Example. In high school and as an undergraduate, I really wanted to go to Spain. Spanish was my favorite language (partly because of my favorite teacher in high school) and was my primary focus. When I graduated from high school, I thought I might go to college to become a translator, with Spanish being my main secondary language, or become a Spanish teacher (a bit lower on my preferred list of jobs).
Everything with this plan went smoothly the first year and a half at college. I was doing well in Spanish and I was on the path to study abroad there in spring of my sophomore year. Halfway through the fall of my sophomore year, the Spanish department was a bit concerned I wasn’t prepared enough. They told myself, along with a handful of other students, that they would prefer us to go abroad in fall of our junior year – in order to have more practice with the language, as all of our courses in Spain would be in Spanish. I was fine with this so again, the plan got moved back slightly but still was on track.
Then, halfway through my spring semester of my sophomore year, the Spanish department, decided to decline students from the Spain study abroad list and Spanish major/minor list that it felt were not excelling as great as they should be. (Without going into a long tirade, I want to point out that when this decision was made, I was still passing, constantly improving my language, and could still very easily read, write, and speak the Spanish language.)
I then went about trying to figure out what my future would include – as not only did my minor change, but so did my future career goals and my study abroad opportunity. In a matter of weeks, I made some big decisions – that okay, maybe they can be viewed as minor in the larger sense of things, but they seemed the biggest hurdle I had yet faced in college.
After weighing various pros and cons of various study abroad programs, I had whittled my study abroad location down to two by the end of spring 2009: Morocco and South Africa. Both had the opportunity to give me something different from what I experienced on a daily scale at my small, private, liberal arts, all female university. I ended up choosing South Africa – and as some of my previous posts and comments have said, it was the best decision that I had made as an undergraduate. However, I will admit something.
A part of the reason (minor but still notable) why I kept considering Morocco was because of its closeness to Spain. I had heard from girls who had studied abroad on the Spain program that they would take excursions to the tip of Gibraltar and wave at Morocco. I thought, well – if they can travel to Morocco during their breaks – why can’t I travel to Spain on my break?
I sorely wanted to be able to stand in Spain, speak the language, be assertive, and yell at the top of my lungs (although in Spanish) – “Yes, I did this without your help!” (This would be directed towards my undergraduate school.) I will admit, I still really want to do that. It hasn’t happened yet, but when I make it to Spain – and yes, someday I will – I am sure I will do something like that.
However, not going to Spain has led me on a journey I couldn’t even imagine.

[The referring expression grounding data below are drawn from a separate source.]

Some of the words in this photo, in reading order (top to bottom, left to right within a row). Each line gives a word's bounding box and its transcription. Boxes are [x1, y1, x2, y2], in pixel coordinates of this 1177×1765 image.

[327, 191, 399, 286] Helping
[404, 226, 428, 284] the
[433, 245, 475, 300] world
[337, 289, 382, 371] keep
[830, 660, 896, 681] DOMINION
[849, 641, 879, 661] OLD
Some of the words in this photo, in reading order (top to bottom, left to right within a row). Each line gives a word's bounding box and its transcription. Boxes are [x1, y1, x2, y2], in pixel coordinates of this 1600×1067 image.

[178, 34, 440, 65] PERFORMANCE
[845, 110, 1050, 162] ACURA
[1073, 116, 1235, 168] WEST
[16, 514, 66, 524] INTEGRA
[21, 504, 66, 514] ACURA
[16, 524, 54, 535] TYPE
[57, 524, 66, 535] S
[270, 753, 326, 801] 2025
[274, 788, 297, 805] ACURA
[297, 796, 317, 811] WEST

I studied abroad in South Africa and made amazing memories and met some truly magnificent people. (The photo at right shows me proud, during spring of my senior year, of the location I had chosen – and its distance from my undergraduate school.) The semester in South Africa made me a viable candidate for the Graduate Assistant position at William Penn University – where the primary project of my first year was to create a trip for WPU students to Rwanda and Tanzania. The trip occurred within six months of my start date at William Penn University – and I got to go on the trip, adding two more countries to my “traveled” list. I can only imagine what else the “not going to Spain as an undergraduate” path has in store for me – although, maybe it’s better not to imagine and just enjoy the drive.

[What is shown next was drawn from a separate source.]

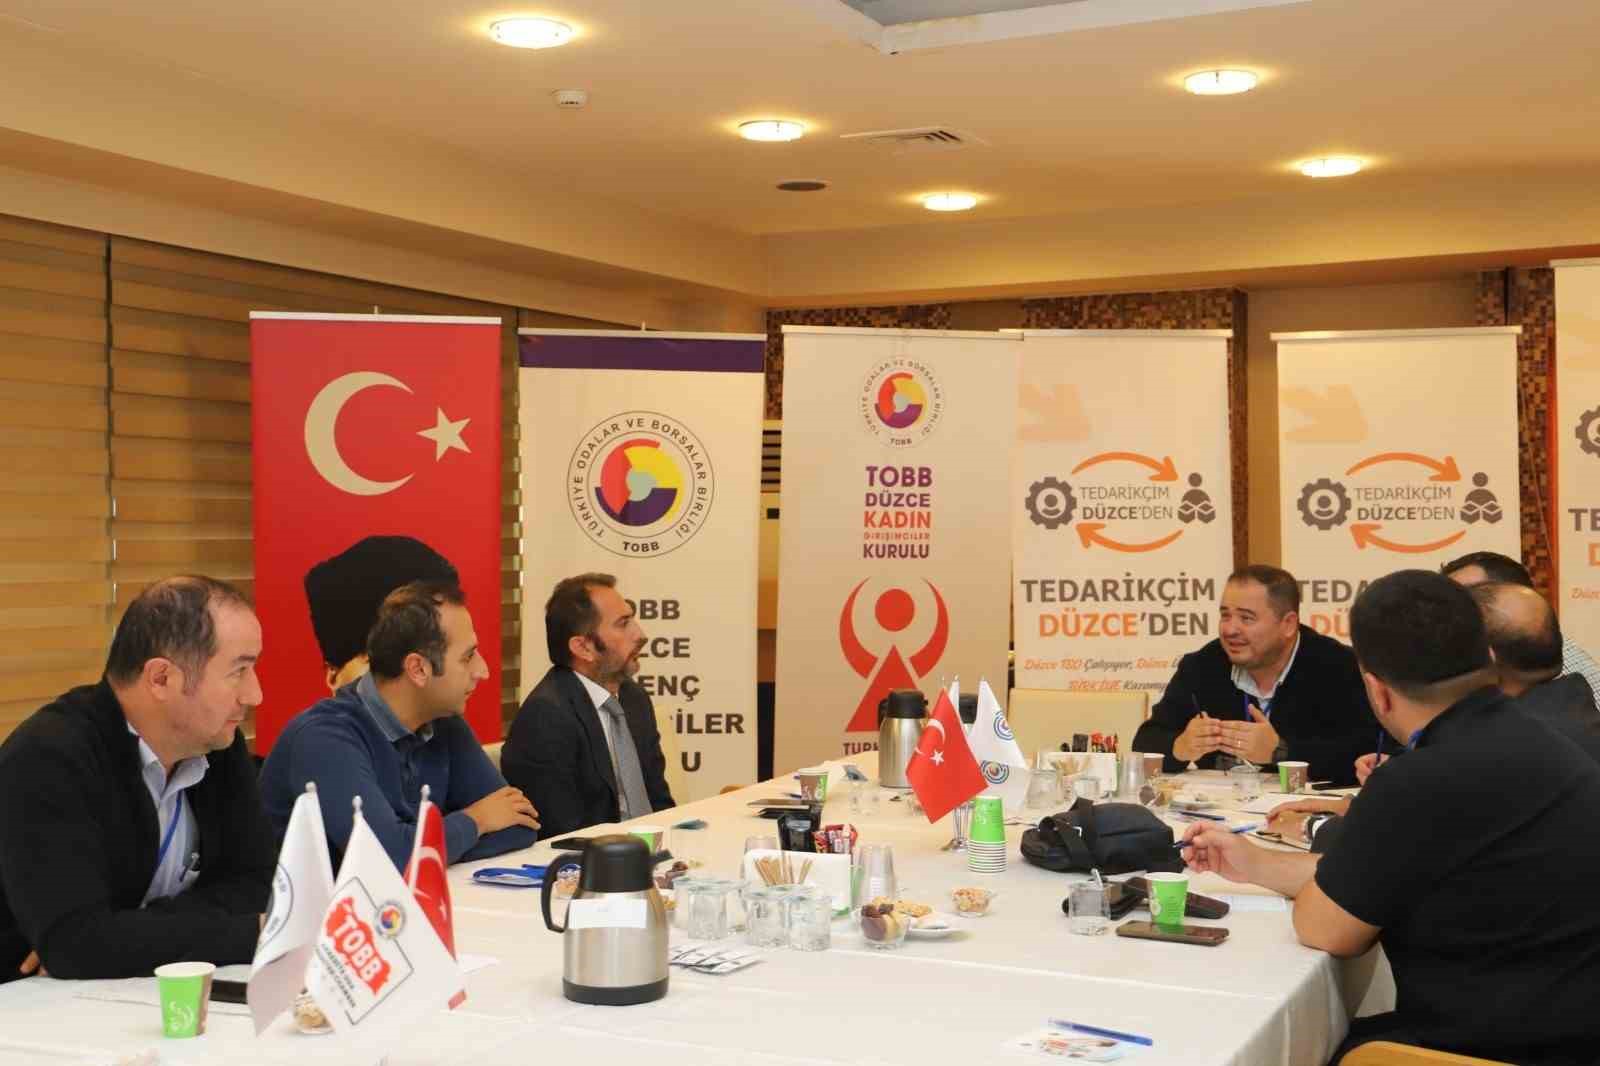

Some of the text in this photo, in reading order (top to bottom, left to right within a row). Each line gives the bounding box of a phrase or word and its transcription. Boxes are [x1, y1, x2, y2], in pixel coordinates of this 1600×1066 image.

Through all of this reflection, I am curious to learn what other unexpected and life-altering pathways people have been on. And especially what they did in those travel moments where they could prove someone wrong – with being able to thrive while abroad or speaking in another language being such examples of “Yes, I did this without your help!” moments. What about you, reader? How have you embraced – or denied – change in your travel and life plans?